During the first White House-initiated Curing Epilepsy conference held in 2000, Lowenstein suggested that members of the epilepsy research community should attempt to capture the field's current 'state of the art' and define a series of goals for the field that could serve as a research agenda. This led to the adoption by the National Institutes of Neurological Disorders and Stroke (NINDS) of the “Epilepsy Research Benchmarks”, a program that has been led by Lowenstein and used by the NINDS and other funding agencies to help prioritize grant opportunities and demonstrate progress to the legislature and the public at-large.

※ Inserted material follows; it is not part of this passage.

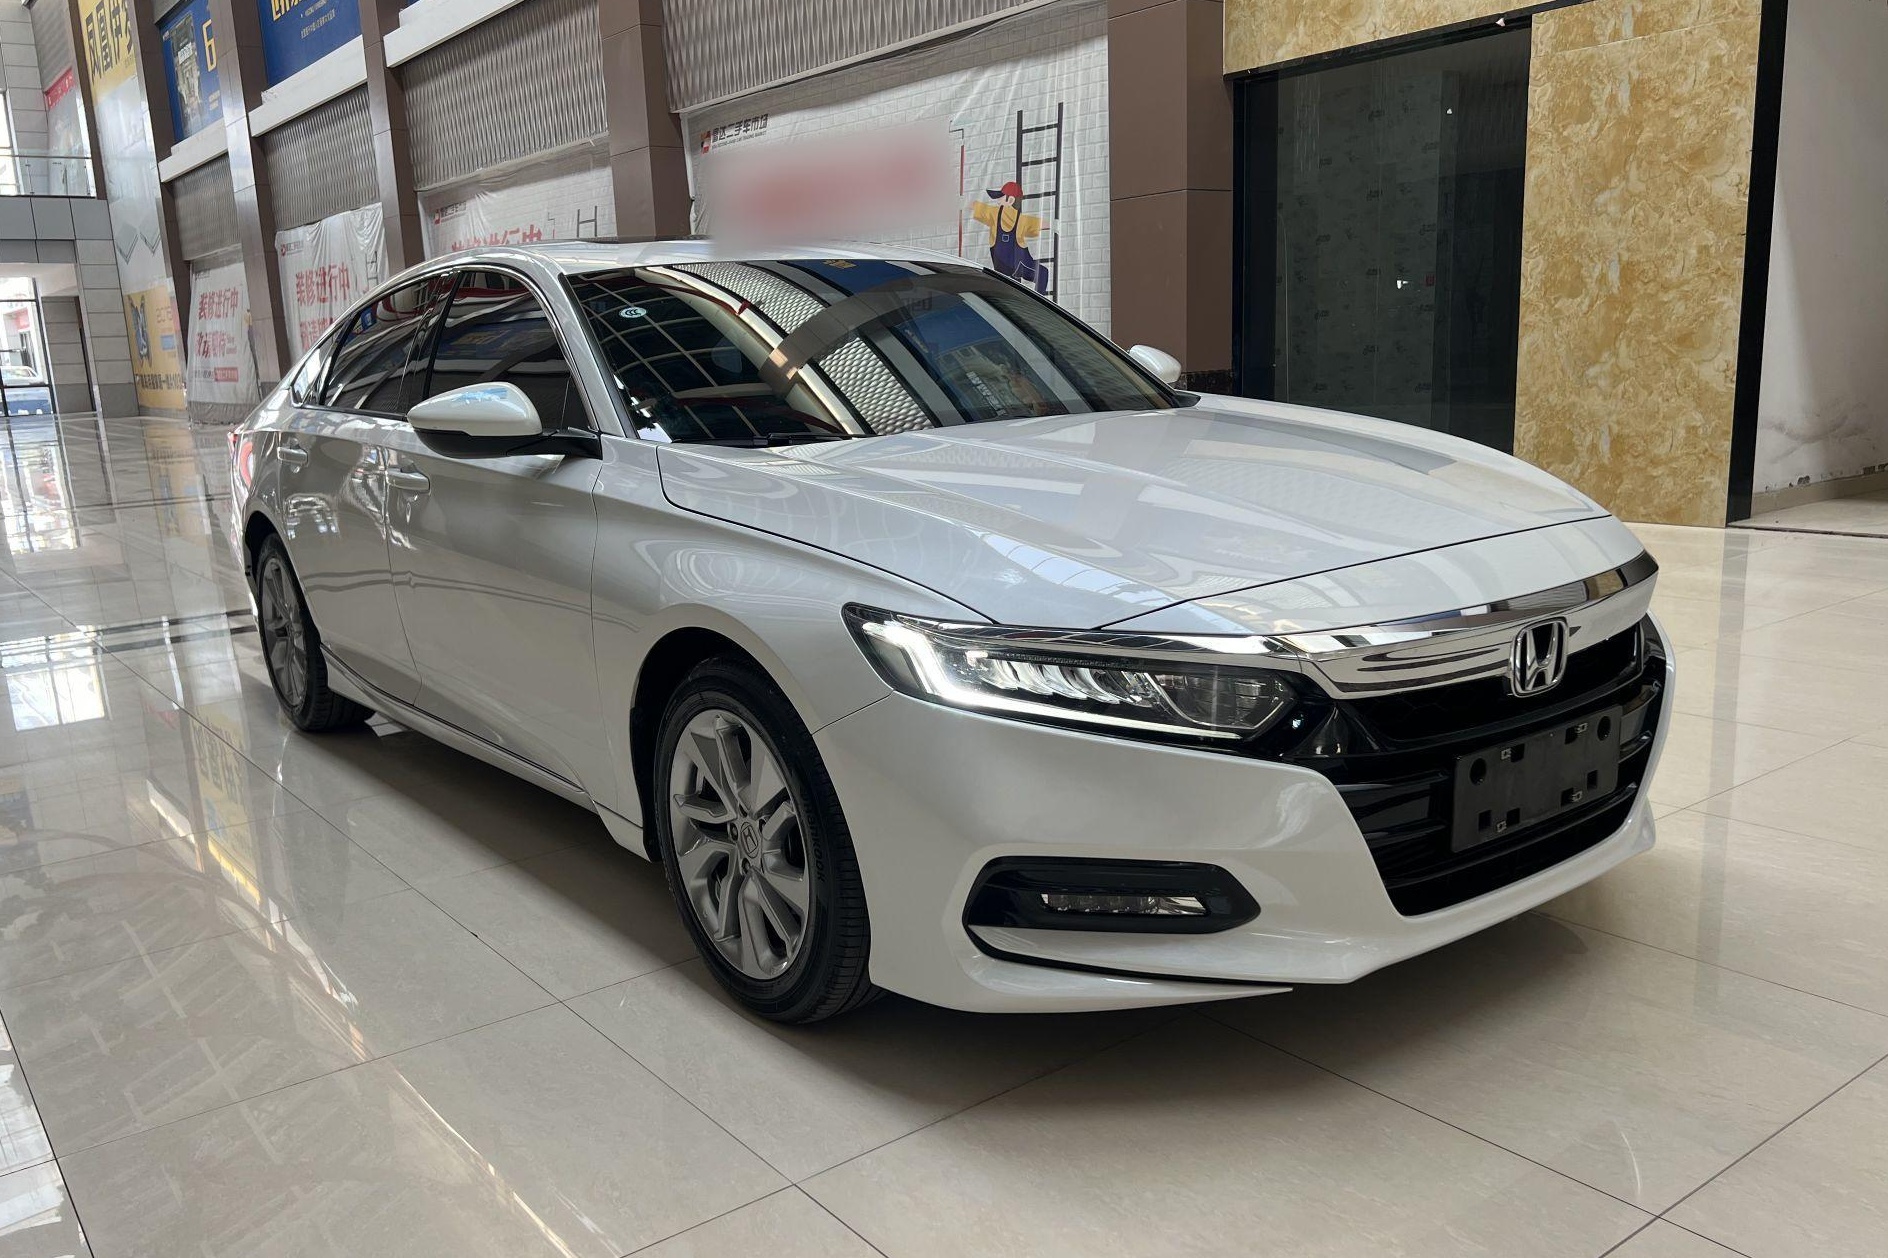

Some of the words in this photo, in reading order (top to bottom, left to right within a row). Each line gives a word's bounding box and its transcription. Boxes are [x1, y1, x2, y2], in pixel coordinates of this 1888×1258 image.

In April 2013, Lowenstein was selected by the students at UCSF to give “The Last Lecture”, where he was asked to respond to the prompt: “If you had but one lecture to give, what would you say?” Lowenstein's hour-long talk to over 700 members of the campus community was organized into four threads: adventure, passion, justice, and joy & sorrow. It was described by observers as “alternately inspiring, hilarious, and profoundly moving”.

==Publications==
Lowenstein has published over 300 scholarly professional journal articles that include:
- The Epi4K Consortium and the Epilepsy Phenome/Genome Project (2013). "De novo mutations in epileptic encephalopathies"
- Stern BJ, Lowenstein DH, Schuh LA (2008). "Neurology education research"
- Lowenstein DH (2007). "Mt. Pumbari, Lhasa, Tibet (photograph)"
- Irby DM, Cooke M, Lowenstein DH, Richards B (2004). "Structural changes supporting the educational mission"
- Alldredge BK, Gelb AM, Isaacs SM, Corry MD, Allen F, O Neil N, Gottwald MD, Ulrich S, Neuhaus JM, Segal MR, Lowenstein DH (2001). "Prehospital treatment of status epilepticus: a randomized, controlled trial of paramedic-administered benzodiazepine treatment"
- Lowenstein DH, Bleck TP, Macdonald RM (1999). "It's time to revise the definition of status epilepticus"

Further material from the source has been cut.